● The data

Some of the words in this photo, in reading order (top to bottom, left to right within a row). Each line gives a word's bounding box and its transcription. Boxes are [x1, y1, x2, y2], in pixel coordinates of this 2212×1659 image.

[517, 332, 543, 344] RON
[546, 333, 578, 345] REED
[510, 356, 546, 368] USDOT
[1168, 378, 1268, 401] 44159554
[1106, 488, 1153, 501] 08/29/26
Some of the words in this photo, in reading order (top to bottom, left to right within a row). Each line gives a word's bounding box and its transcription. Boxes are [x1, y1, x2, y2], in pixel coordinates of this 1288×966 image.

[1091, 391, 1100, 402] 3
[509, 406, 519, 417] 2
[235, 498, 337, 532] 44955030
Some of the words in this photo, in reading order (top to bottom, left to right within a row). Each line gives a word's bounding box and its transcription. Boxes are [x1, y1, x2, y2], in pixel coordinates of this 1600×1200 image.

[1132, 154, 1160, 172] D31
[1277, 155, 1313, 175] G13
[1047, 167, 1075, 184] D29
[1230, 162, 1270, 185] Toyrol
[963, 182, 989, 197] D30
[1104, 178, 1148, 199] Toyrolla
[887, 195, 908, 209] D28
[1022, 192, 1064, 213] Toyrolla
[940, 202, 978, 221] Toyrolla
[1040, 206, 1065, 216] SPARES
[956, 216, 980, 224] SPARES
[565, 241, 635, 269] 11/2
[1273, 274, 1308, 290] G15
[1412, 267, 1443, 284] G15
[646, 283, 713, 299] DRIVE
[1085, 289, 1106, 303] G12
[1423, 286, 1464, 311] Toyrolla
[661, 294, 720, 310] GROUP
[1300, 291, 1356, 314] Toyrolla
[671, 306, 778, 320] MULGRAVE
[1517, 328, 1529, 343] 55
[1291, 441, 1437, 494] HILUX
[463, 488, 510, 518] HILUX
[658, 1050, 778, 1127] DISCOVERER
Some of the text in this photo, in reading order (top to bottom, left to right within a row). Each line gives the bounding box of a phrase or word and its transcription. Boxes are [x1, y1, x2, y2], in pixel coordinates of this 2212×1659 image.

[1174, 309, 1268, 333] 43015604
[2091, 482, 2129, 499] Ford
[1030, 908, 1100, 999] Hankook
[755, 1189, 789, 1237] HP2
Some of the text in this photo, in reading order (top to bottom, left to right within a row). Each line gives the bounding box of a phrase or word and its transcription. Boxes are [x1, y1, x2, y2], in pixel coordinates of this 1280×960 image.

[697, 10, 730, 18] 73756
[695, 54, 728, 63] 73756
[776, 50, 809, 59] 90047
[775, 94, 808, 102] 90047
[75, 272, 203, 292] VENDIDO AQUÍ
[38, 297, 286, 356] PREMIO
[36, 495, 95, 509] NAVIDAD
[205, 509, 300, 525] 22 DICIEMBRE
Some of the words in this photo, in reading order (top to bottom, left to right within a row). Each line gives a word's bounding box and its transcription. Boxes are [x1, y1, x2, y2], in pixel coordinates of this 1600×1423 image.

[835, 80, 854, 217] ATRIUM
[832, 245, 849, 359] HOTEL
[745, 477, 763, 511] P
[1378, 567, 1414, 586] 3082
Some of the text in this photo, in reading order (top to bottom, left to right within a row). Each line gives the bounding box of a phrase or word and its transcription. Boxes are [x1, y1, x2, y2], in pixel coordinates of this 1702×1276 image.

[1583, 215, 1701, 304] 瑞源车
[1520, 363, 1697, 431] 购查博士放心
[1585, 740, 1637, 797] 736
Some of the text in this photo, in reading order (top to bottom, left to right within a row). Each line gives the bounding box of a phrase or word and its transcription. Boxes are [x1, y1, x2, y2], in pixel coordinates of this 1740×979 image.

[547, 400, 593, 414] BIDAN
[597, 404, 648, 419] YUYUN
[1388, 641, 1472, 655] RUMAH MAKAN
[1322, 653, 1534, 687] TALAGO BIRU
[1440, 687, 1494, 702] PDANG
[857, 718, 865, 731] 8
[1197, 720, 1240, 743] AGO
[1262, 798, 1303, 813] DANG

● Prompt
Word for word, retype all of the entries above.

● Response area
Some of the words in this photo, in reading order (top to bottom, left to right within a row). Each line gives a word's bounding box and its transcription. Boxes are [x1, y1, x2, y2], in pixel coordinates of this 2212×1659 image.

[517, 332, 543, 344] RON
[546, 333, 578, 345] REED
[510, 356, 546, 368] USDOT
[1168, 378, 1268, 401] 44159554
[1106, 488, 1153, 501] 08/29/26
Some of the words in this photo, in reading order (top to bottom, left to right within a row). Each line gives a word's bounding box and its transcription. Boxes are [x1, y1, x2, y2], in pixel coordinates of this 1288×966 image.

[1091, 391, 1100, 402] 3
[509, 406, 519, 417] 2
[235, 498, 337, 532] 44955030
Some of the words in this photo, in reading order (top to bottom, left to right within a row). Each line gives a word's bounding box and its transcription. Boxes are [x1, y1, x2, y2], in pixel coordinates of this 1600×1200 image.

[1132, 154, 1160, 172] D31
[1277, 155, 1313, 175] G13
[1047, 167, 1075, 184] D29
[1230, 162, 1270, 185] Toyrol
[963, 182, 989, 197] D30
[1104, 178, 1148, 199] Toyrolla
[887, 195, 908, 209] D28
[1022, 192, 1064, 213] Toyrolla
[940, 202, 978, 221] Toyrolla
[1040, 206, 1065, 216] SPARES
[956, 216, 980, 224] SPARES
[565, 241, 635, 269] 11/2
[1273, 274, 1308, 290] G15
[1412, 267, 1443, 284] G15
[646, 283, 713, 299] DRIVE
[1085, 289, 1106, 303] G12
[1423, 286, 1464, 311] Toyrolla
[661, 294, 720, 310] GROUP
[1300, 291, 1356, 314] Toyrolla
[671, 306, 778, 320] MULGRAVE
[1517, 328, 1529, 343] 55
[1291, 441, 1437, 494] HILUX
[463, 488, 510, 518] HILUX
[658, 1050, 778, 1127] DISCOVERER
Some of the text in this photo, in reading order (top to bottom, left to right within a row). Each line gives the bounding box of a phrase or word and its transcription. Boxes are [x1, y1, x2, y2], in pixel coordinates of this 2212×1659 image.

[1174, 309, 1268, 333] 43015604
[2091, 482, 2129, 499] Ford
[1030, 908, 1100, 999] Hankook
[755, 1189, 789, 1237] HP2
Some of the text in this photo, in reading order (top to bottom, left to right within a row). Each line gives the bounding box of a phrase or word and its transcription. Boxes are [x1, y1, x2, y2], in pixel coordinates of this 1280×960 image.

[697, 10, 730, 18] 73756
[695, 54, 728, 63] 73756
[776, 50, 809, 59] 90047
[775, 94, 808, 102] 90047
[75, 272, 203, 292] VENDIDO AQUÍ
[38, 297, 286, 356] PREMIO
[36, 495, 95, 509] NAVIDAD
[205, 509, 300, 525] 22 DICIEMBRE
Some of the words in this photo, in reading order (top to bottom, left to right within a row). Each line gives a word's bounding box and its transcription. Boxes are [x1, y1, x2, y2], in pixel coordinates of this 1600×1423 image.

[835, 80, 854, 217] ATRIUM
[832, 245, 849, 359] HOTEL
[745, 477, 763, 511] P
[1378, 567, 1414, 586] 3082
Some of the text in this photo, in reading order (top to bottom, left to right within a row). Each line gives the bounding box of a phrase or word and its transcription. Boxes are [x1, y1, x2, y2], in pixel coordinates of this 1702×1276 image.

[1583, 215, 1701, 304] 瑞源车
[1520, 363, 1697, 431] 购查博士放心
[1585, 740, 1637, 797] 736
Some of the text in this photo, in reading order (top to bottom, left to right within a row). Each line gives the bounding box of a phrase or word and its transcription. Boxes are [x1, y1, x2, y2], in pixel coordinates of this 1740×979 image.

[547, 400, 593, 414] BIDAN
[597, 404, 648, 419] YUYUN
[1388, 641, 1472, 655] RUMAH MAKAN
[1322, 653, 1534, 687] TALAGO BIRU
[1440, 687, 1494, 702] PDANG
[857, 718, 865, 731] 8
[1197, 720, 1240, 743] AGO
[1262, 798, 1303, 813] DANG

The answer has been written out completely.